LES GRADES HISTO-PRONOSTIQUES
La lettre G (grade) suivie d'un chiffre allant de 1 à 3 indique l’aspect histologique de la tumeur. Ce type de gradation est utilisé pour les cancers invasifs mais pas pour les cancers in situ . La définition du grade de la tumeur est basée selon l’apparence des cellules au microscope. Le degré de rapidité avec lequel les cellules cancéreuses semblent se multiplier (nombre de mitoses) est un autre facteur important intervenant dans la détermination du grade d'un cancer de l'ovaire.
- Grade 1 bien différencié : < 5 % de composante solide
- Grade 2 moyennement différencié : 6 à 50 % de composante solide
- Grade 3 peu différencié : > 50 % de composante solide
LA CYTOMÉTRIE DE FLUX
La ploïdie des cellules cancéreuses se réfère à la quantité d'ADN qu'elles contiennent dans leur noyau. S'il y a une quantité normale d'ADN, les cellules sont dites diploïdes. Si le taux d'ADN est anormal, les cellules sont dites aneuploïdes. Certaines études ont montré que les cancers aneuploïdes ont tendance à être plus agressifs.
L’INDEX KI-67
Le taux de division des cellules cancéreuses peut aussi être estimé par le test Ki-67. C’est une méthode immunohistochimique qui mesure le nombre de cellules marquées par les anticorps Ki 67 ou PCNA. Un index Ki-67 élevé indique que les cellules cancéreuses se divisent rapidement. Les spécialistes n'accordent pas tous un intérêt à ce test pour déterminer le pronostic de la maladie.

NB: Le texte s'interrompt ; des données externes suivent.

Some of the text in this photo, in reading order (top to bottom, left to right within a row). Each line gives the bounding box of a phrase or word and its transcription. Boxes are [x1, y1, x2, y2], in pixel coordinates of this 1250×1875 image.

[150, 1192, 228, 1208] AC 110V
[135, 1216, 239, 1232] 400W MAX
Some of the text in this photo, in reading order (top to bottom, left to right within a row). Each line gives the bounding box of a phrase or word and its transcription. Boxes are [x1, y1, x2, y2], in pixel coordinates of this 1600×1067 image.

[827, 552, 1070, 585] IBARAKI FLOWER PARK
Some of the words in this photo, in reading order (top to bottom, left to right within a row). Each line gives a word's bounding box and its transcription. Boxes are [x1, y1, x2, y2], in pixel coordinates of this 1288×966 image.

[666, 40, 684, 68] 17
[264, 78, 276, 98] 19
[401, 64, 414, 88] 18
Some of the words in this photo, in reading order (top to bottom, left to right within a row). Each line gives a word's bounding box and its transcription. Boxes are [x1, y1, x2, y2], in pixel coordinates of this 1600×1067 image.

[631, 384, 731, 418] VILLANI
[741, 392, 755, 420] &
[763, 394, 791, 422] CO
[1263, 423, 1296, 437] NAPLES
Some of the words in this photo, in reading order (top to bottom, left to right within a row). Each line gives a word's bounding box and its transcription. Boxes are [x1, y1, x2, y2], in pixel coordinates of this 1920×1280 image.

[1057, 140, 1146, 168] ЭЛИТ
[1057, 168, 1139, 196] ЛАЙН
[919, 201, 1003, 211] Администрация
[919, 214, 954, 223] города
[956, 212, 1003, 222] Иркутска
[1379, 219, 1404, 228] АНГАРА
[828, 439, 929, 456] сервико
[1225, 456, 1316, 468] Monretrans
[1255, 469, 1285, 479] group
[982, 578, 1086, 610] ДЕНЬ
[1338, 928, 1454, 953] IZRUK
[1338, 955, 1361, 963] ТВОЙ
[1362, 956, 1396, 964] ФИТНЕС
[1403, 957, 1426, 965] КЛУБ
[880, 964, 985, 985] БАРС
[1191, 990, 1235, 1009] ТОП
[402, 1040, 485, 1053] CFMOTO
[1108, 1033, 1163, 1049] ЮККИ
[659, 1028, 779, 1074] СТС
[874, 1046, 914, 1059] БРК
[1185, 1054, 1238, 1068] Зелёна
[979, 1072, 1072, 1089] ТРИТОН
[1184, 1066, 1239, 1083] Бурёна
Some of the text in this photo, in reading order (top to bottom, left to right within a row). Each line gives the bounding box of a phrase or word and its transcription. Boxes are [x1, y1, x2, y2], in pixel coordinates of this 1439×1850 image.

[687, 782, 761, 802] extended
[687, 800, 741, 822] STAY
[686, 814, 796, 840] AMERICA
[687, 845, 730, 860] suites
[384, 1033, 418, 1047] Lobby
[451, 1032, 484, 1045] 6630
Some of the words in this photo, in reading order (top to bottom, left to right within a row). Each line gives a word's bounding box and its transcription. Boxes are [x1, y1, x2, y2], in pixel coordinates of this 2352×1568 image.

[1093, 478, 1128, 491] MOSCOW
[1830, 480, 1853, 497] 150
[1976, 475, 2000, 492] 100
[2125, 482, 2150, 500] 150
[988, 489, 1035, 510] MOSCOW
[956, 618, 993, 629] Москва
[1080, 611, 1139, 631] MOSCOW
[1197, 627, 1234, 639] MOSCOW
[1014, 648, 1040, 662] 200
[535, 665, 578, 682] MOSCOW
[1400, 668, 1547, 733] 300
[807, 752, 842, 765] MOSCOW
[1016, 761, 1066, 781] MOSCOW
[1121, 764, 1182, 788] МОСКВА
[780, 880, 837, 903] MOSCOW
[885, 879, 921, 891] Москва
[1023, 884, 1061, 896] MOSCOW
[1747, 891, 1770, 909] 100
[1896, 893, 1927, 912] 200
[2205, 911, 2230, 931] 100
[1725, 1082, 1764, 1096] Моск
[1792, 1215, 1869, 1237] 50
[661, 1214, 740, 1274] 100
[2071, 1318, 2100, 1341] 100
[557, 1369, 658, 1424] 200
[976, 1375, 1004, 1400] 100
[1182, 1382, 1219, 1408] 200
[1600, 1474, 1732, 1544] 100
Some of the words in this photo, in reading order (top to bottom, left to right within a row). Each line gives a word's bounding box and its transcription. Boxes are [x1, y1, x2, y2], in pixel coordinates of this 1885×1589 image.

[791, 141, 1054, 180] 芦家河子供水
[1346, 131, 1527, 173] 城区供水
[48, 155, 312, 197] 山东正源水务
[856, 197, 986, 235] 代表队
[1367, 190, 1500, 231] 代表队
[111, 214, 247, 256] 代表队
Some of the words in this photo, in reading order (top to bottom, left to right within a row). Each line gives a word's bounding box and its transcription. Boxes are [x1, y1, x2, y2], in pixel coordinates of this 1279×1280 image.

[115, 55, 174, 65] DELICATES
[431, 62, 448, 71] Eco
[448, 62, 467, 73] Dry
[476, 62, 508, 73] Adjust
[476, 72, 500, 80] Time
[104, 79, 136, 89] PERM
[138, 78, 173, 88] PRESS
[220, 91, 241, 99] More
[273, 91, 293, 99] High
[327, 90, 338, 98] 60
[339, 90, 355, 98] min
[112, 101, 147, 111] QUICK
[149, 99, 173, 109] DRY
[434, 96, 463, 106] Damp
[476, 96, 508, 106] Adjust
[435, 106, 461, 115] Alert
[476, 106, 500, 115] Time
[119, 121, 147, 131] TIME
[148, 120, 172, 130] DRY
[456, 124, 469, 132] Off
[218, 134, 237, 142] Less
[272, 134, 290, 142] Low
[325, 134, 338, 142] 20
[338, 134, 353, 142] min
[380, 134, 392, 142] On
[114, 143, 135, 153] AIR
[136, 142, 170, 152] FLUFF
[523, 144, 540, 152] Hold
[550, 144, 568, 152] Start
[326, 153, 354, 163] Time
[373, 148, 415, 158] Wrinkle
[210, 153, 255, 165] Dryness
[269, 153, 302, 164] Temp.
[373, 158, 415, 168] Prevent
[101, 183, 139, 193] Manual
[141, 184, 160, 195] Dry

LE FACTEUR DE CROISSANCE HER2/neu
Dans 10 à 20 % des cancers de l’ovaire, un taux trop élevé d'une protéine accélératrice de la croissance appelée HER2/neu ou c-erbB-2 est mis en évidence. Ceci est dû au fait que les cellules cancéreuses ont trop de copies du gène HER2 qui commande aux cellules de produire la protéine c-erbB-2. Ces cancers ont tendance à se développer et à s'étendre plus agressivement que les autres cancers de l’ovaire.
AUTRES EXAMENS À L’ ÉTUDE
La valeur prédictive des modifications du gène p53 suppresseur de tumeur, le récepteur de facteur de croissance épidermique (EGFR), l'étude de la densité des micro-vaisseaux (le nombre des petits vaisseaux qui alimentent et fournissent de l'oxygène au cancer), sont en cours d'étude.